The Helliax Rift (Big Finish)
Writer: Scott Handcock
Director: Jamie Anderson
Featuring: Peter Davison :Blake Harrison :
Russ Bain :Genevieve Gaunt
Big Finish Productions - First Released April 2018
Running Time: 2 Hours Approx
Available on General Release from 31st May 2018
Big Finish are ringing the changes with the main range as it nears its twentieth anniversary next year. To start this off their fourth release for 2018 see them break with the tradition of trilogies of consecutive releases featuring the same Doctor and companion team. Instead, Peter Davison returns as the Fifth Doctor, this time travelling alone for what at first glance appears to be a standalone adventure. The Helliax Rift, from the pen of writer and sometime producer/director Scott Handcock introduces a new 1980s UNIT team headed by Russ Bain as Lieutenant Colonel Price, assisted byGenevieve Gaunt as Corporal Maxwell and Acting medical officer Lieutenant Daniel Hopkins, played by former Inbetweeners star Blake Harrison, a genuine casting coup for Big Finish.

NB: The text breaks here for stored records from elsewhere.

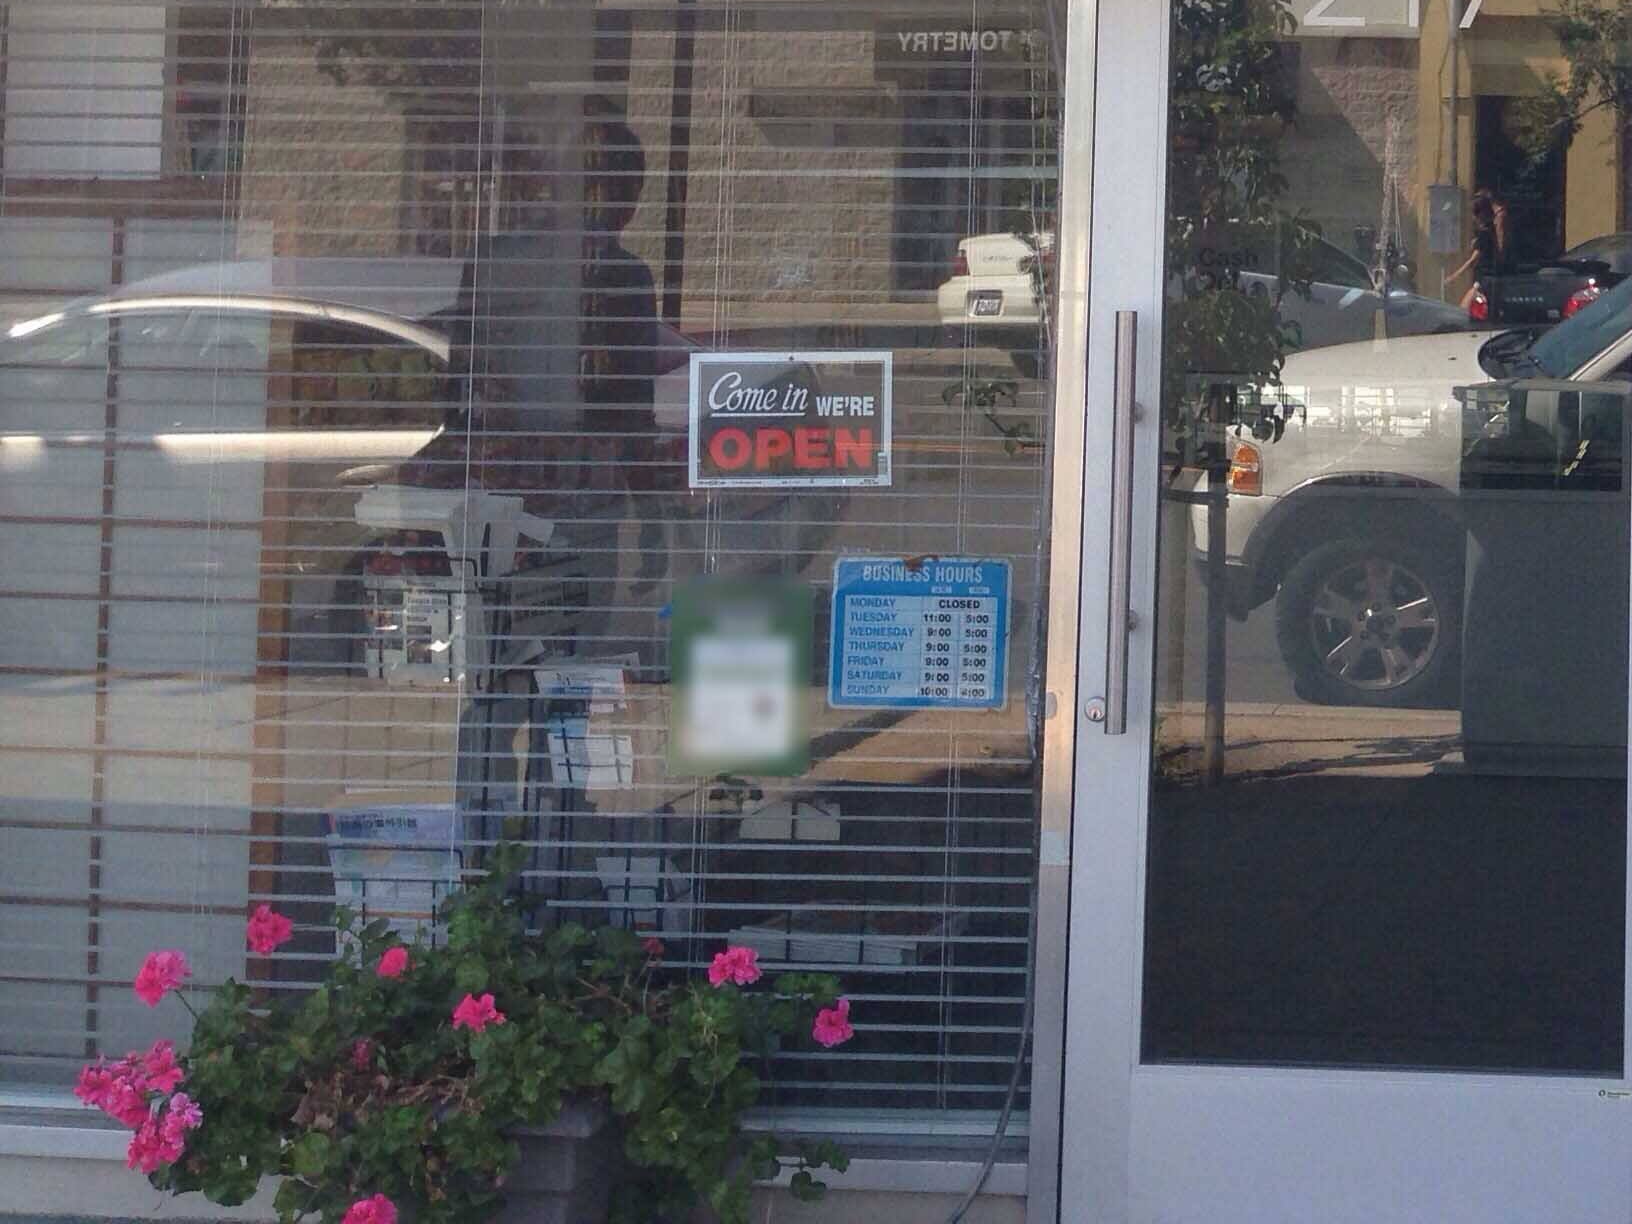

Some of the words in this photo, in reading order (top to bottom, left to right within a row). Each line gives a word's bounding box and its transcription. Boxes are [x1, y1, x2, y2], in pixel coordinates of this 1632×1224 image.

[708, 371, 778, 412] Come
[783, 383, 808, 411] in
[816, 395, 875, 417] WE'RE
[708, 427, 874, 470] OPEN
[863, 565, 930, 583] BUSINESS
[935, 566, 983, 583] HOURS
[849, 598, 896, 608] MONDAY
[938, 599, 981, 609] CLOSED
[849, 613, 898, 623] TUESDAY
[924, 614, 952, 623] 11:00
[966, 615, 989, 624] 5:00
[849, 627, 914, 637] WEDNESDAY
[848, 642, 905, 652] THURSDAY
[925, 642, 950, 653] 9:00
[847, 656, 884, 666] FRIDAY
[847, 670, 903, 681] SATURDAY
[924, 672, 950, 682] 9:00
[961, 672, 985, 682] 5:00
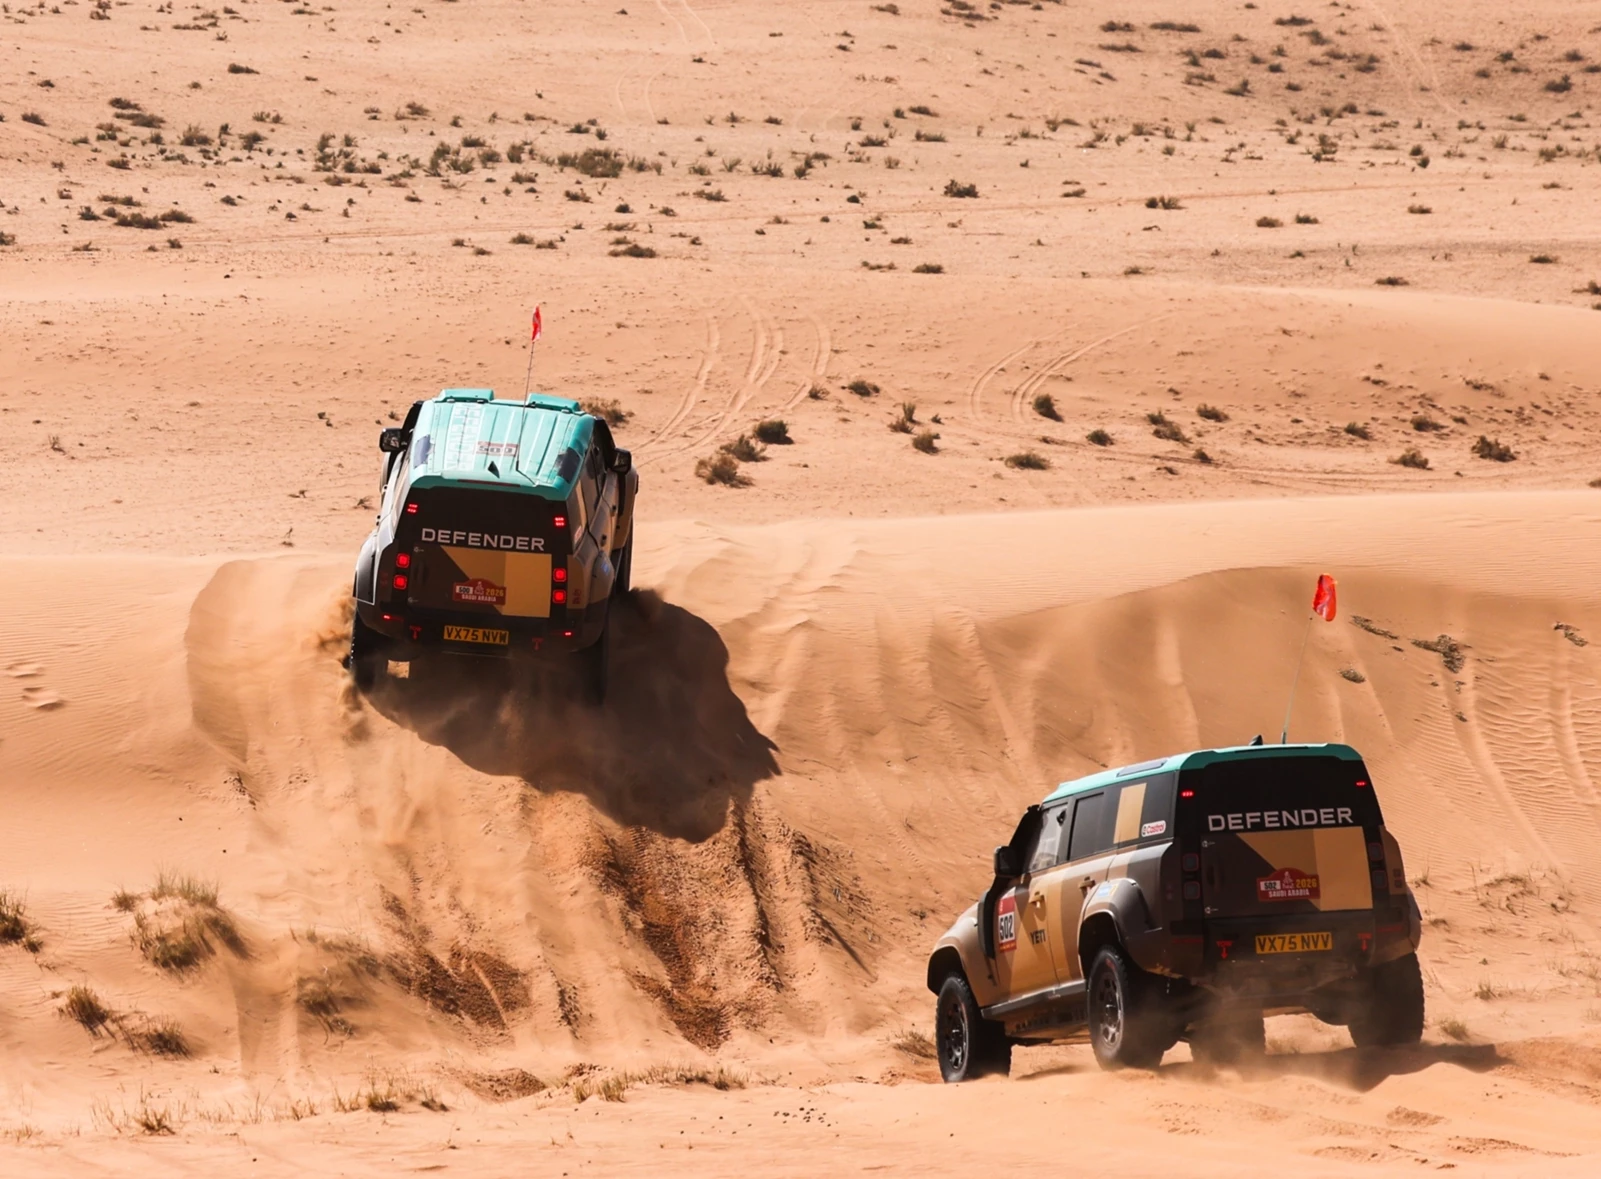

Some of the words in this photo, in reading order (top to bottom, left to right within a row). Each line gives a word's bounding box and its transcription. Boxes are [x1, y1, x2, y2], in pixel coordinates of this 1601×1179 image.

The story opens with the Doctor already in situ tracking an alien signal which in transpires has also come to UNIT’s attention. This sets up a humorous encounter which references Peter Davison’s other famous role as Tristan Farnon in All Creatures Great and Small. Before long UNIT have captured their errant scientific advisor who quickly falls foul of Colonel Price’s impatience. He does however form an easier relationship with Harrison’s Daniel Hopkins, a likeable character very much in the mould of Harry Sullivan (who naturally is name-dropped) who slips very quickly into the companion role for this story. The other new UNIT characters Price and his comms officer Linda Maxwell are also well written characters and will hopefully have more interaction in their next appearance. Russ Bain’s Colonel Price is certainly far from being the new Brigadier in terms of likeability, especially during the play’s conclusion. Time will tell as to whether his relationship with the Doctor improves in future encounters, although one imagines the Doctor’s next incarnation will be even less likely to relate him.

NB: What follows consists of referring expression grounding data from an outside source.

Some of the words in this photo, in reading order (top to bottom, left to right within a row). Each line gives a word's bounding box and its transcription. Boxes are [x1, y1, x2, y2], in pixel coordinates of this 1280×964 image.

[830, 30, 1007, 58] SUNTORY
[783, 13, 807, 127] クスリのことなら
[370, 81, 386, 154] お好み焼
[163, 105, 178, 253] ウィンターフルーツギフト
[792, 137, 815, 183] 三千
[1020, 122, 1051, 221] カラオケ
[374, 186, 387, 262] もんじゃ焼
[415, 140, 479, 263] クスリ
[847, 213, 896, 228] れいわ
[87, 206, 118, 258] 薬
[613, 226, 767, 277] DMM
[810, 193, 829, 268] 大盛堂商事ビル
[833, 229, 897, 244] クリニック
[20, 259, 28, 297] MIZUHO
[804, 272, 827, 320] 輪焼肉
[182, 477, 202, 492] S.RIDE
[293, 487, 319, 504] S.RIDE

The new UNIT team are joined for this story by an interesting pair of alien researchers played by Deborah Thomas and Anna Louise Plowman. There is additional support from Big Finish regulars Robbie Stevens and Jacob Dudman, the latter portraying a key role in the concluding act of the play. One does occasionally wish they would get someone less instantly recognisable than the play’s author to provide the voice of a lift.
As ever, there is evocative sound design from Joe Kraemer and Josh Arakelian, with some great 80s style music cues from Kraemer. After a rather mixed start to the year featuring the season 19 TARDIS team, this enjoyable story sees the main range very much back on track. This reviewer will be very much anticipating the return of the new 80s UNIT team for July’s Hour of the Cybermen, featuring some other very special guests.

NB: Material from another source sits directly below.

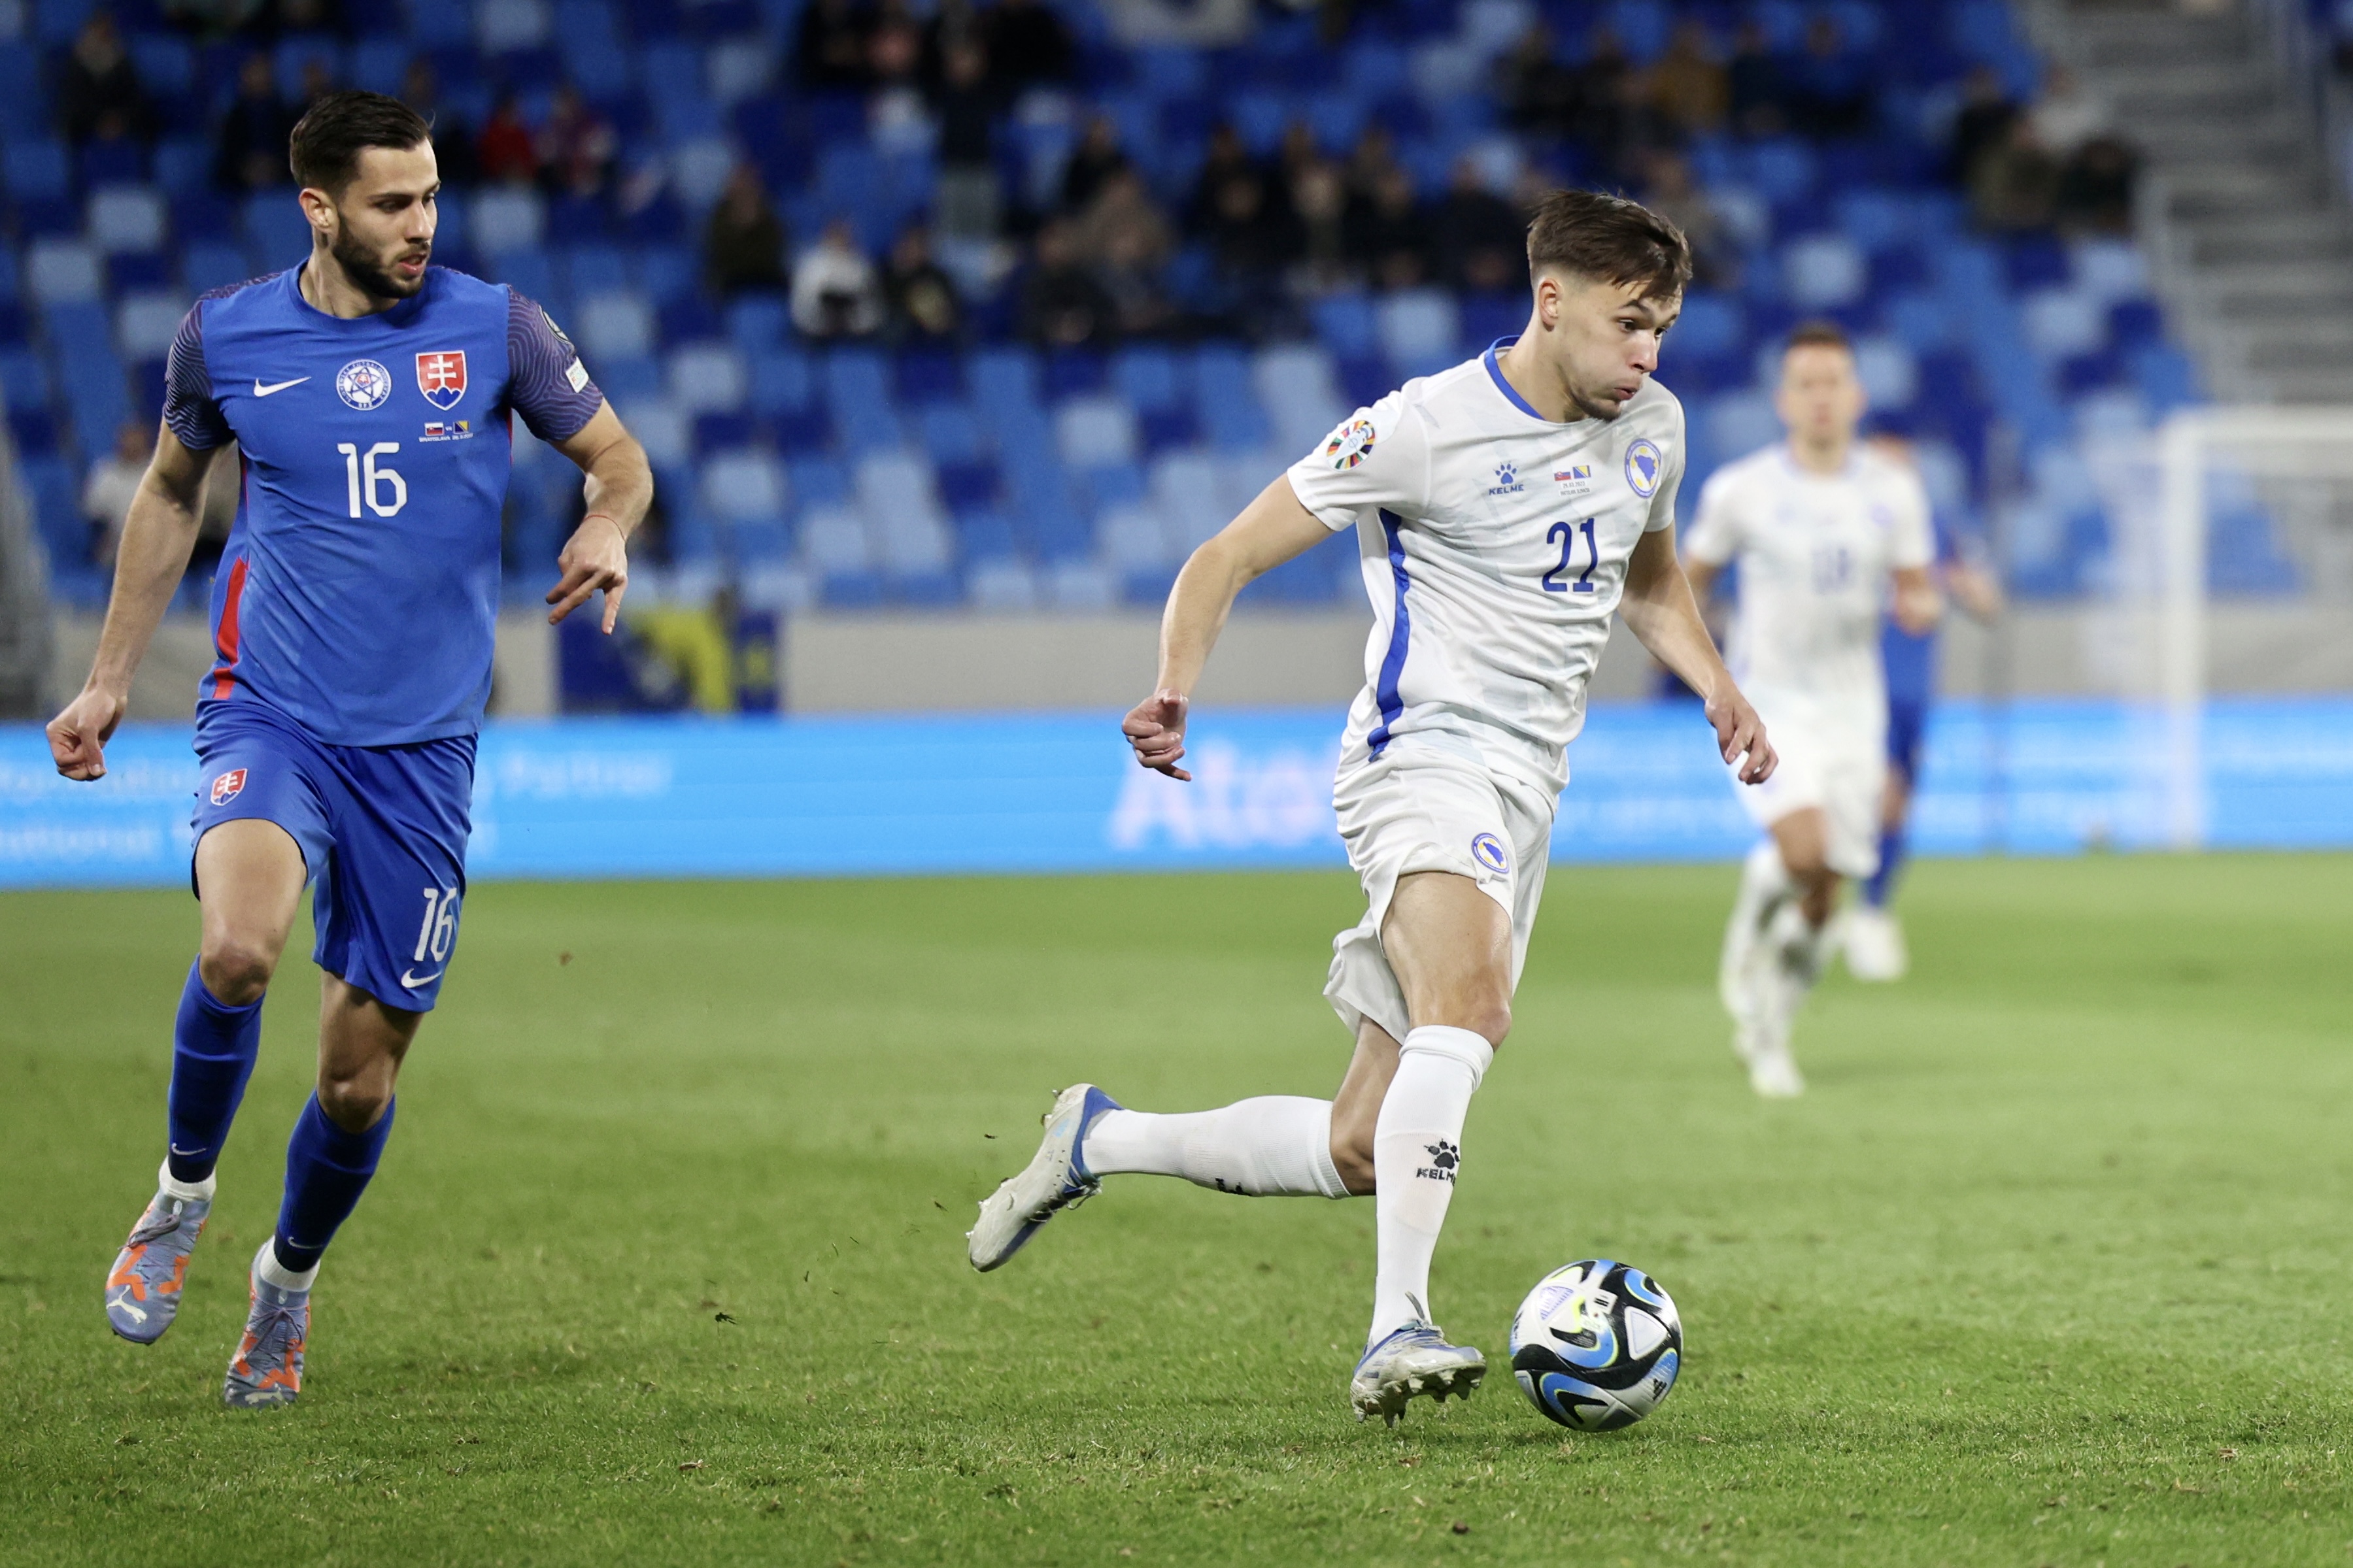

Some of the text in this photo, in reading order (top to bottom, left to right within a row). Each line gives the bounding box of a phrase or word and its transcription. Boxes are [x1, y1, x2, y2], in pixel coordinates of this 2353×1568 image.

[337, 442, 407, 518] 16
[1489, 484, 1525, 495] KELME
[1542, 518, 1599, 592] 21
[414, 888, 457, 962] 16

As for the Fifth Doctor, “…now it’s time to take a bow like all your other selves…” but he will no doubt return at an as-yet to be confirmed date either later this year or early in 2019. In the meantime, our next few monthly adventures will see the welcome return of the Sixth Doctor for three seemingly unconnected adventures, beginning in May with the arrival of a possible new companion in The Lure of the Nomad.